Une cinquantaine de villes sont au bord de la faillite, dont Liège, Namur et Anvers ; 42 % des travailleurs ont recouru au moins une fois à l'assurance chômage au cours de l'année. Les 500 000 sans-travail coûteront au pays 176 milliards de FB en 1983 ; ils coûtaient 15 milliards en 1974. Au cours de l'année, le déficit des caisses de chômage s'élève à 88 milliards de FB. Le budget des services sociaux approche, avec 1 000 milliards de FB, le budget de l'État. La dette publique atteint fin août 3 006 milliards.

Victoire libérale

À la rentrée de septembre, la Communauté européenne condamne la politique menée par la Belgique depuis dix ans dans le domaine de l'aide publique dans les zones de développement. La CEE accordant la priorité à la Wallonie, Wilfried Martens doit jongler avec les instances régionales et les ministres flamands avant de se soumettre aux directives de la Communauté.

Le gouvernement mène la vie dure aux Belges, mais il annonce aussi des résultats : la compétitivité des entreprises par rapport à la concurrence étrangère est pleinement restaurée ; le déficit extérieur pour 1982 est de 3 % (6 % en 1981) ; le taux d'inflation plafonne à 9 %.

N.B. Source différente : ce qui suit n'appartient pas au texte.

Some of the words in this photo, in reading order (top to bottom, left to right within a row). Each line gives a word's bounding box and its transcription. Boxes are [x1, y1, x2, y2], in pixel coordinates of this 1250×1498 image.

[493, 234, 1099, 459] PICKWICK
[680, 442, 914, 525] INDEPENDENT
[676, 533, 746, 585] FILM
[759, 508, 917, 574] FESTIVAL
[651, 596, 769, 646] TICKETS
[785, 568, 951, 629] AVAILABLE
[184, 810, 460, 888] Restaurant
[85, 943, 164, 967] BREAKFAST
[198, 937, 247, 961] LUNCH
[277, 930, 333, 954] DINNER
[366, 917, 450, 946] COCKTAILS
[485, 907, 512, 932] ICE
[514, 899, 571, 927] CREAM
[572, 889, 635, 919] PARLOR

Les électeurs accordent, le 10 octobre, à l'occasion des municipales, un crédit sérieux au gouvernement. Les libéraux sortent vainqueurs dans la partie francophone du pays, malgré une poussée écologiste ; le parti socialiste stagne, les communistes disparaissent quasiment de la carte politique. En Flandre, la poussée socialiste n'inquiète pas vraiment les partis de la majorité.

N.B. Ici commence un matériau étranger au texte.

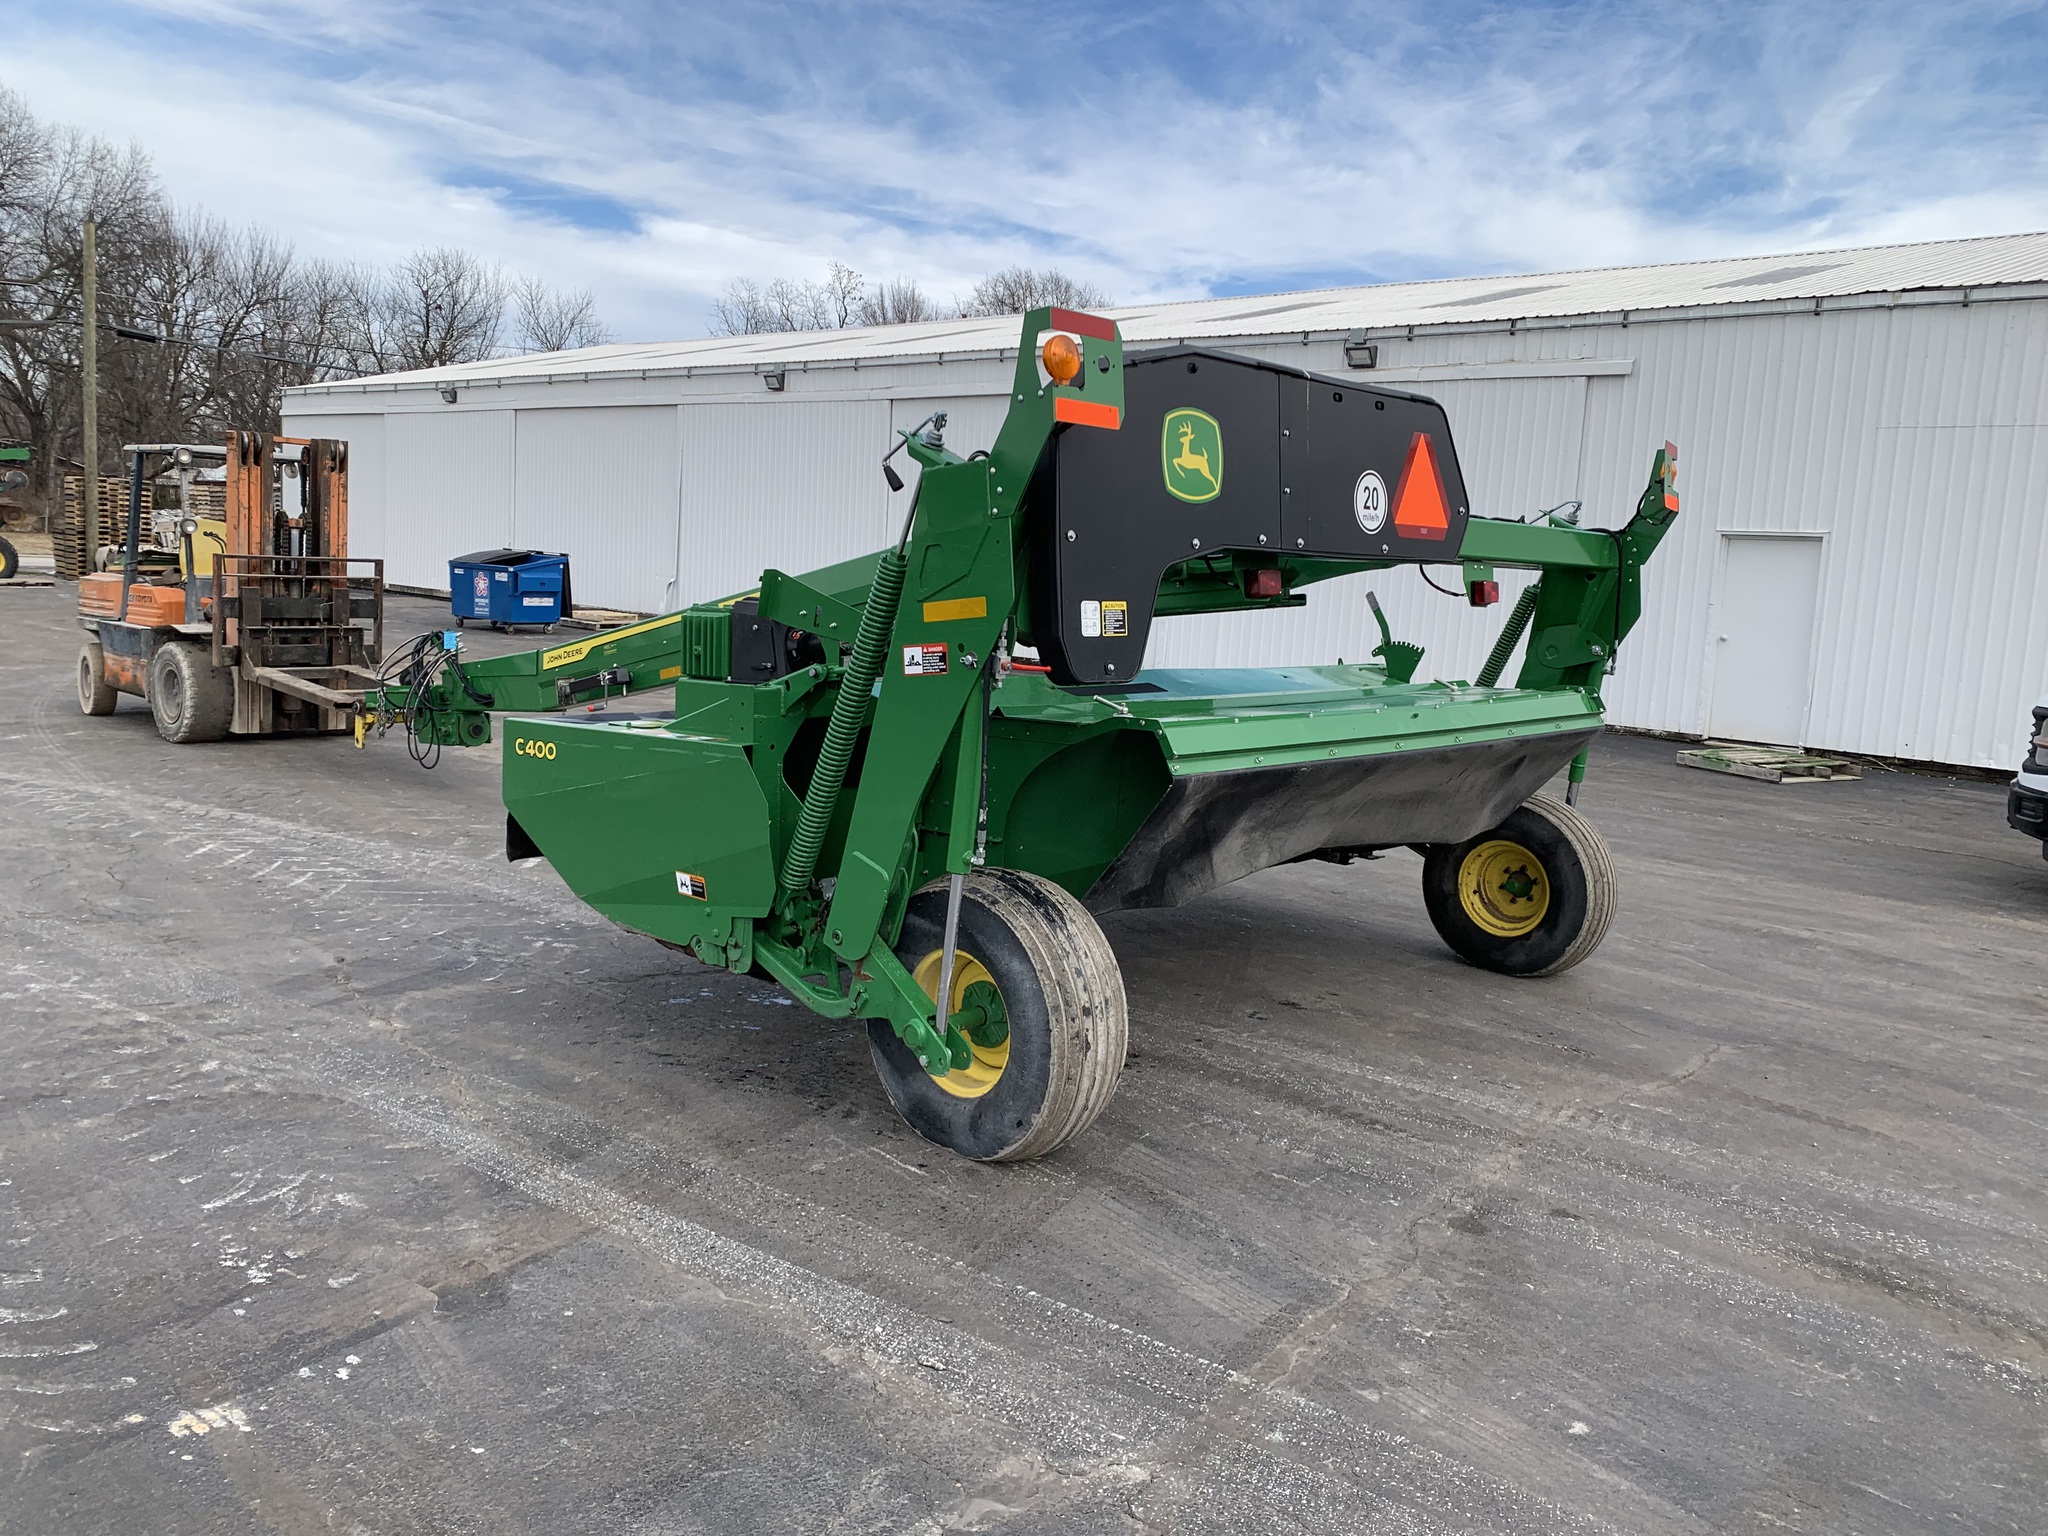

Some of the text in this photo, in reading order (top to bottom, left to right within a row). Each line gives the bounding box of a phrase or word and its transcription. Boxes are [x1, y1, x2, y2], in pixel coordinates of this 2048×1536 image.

Quand la concertation avec les partenaires sociaux marque le pas, le gouvernement a recours aux pouvoirs spéciaux accordés par le Parlement. Au plan d'austérité, au programme d'assainissement économique, à la nouvelle politique industrielle, les syndicats répondent par des mouvements de grève toujours plus durs, jusqu'à la grève générale en deux temps qui se déroule les 30 novembre et 7 décembre 1982.

Pots-de-vin ?

Dix jours avant le scrutin municipal d'octobre 1982, une petite bombe politique est lancée dans le camp de l'opposition. D'anciens ministres, pour la plupart socialistes, auraient perçu des pots-de-vin en remerciement d'une attitude compréhensive face aux difficultés de remboursement des dettes du Zaïre. Parmi les personnalités concernées figurent le président du parti socialiste, Edmond Leburton, Henri Simonet, ancien ministre des Affaires étrangères, mais aussi Paul Vanden Boeynants, un leader social-chrétien bruxellois, ancien ministre de la Défense, et Herman de Croo, l'actuel ministre des Communications. À l'origine de ces accusations, une annexe d'un rapport économique sur le Zaïre, qui reproduit notamment les termes d'une conversation entre l'auteur du rapport, Erwin Blumenthal, et l'ancien Premier ministre du président Mobutu, Nguza Karl I Bond. Le président zaïrois s'était procuré le document, par ailleurs très critique à son égard, et en avait envoyé une copie à Wilfried Martens, dès le mois d'août. Le Premier ministre belge aura attendu les élections pour divulguer l'affaire.

Sidérurgie

W. Martens demande une modération salariale. En échange, il suggère une réduction de 5 % du temps de travail hebdomadaire, pour arriver, en décembre 1983, à 35 heures. Les entreprises, de leur côté, se verront imposer une embauche compensatoire équivalant à 3 % de leurs effectifs.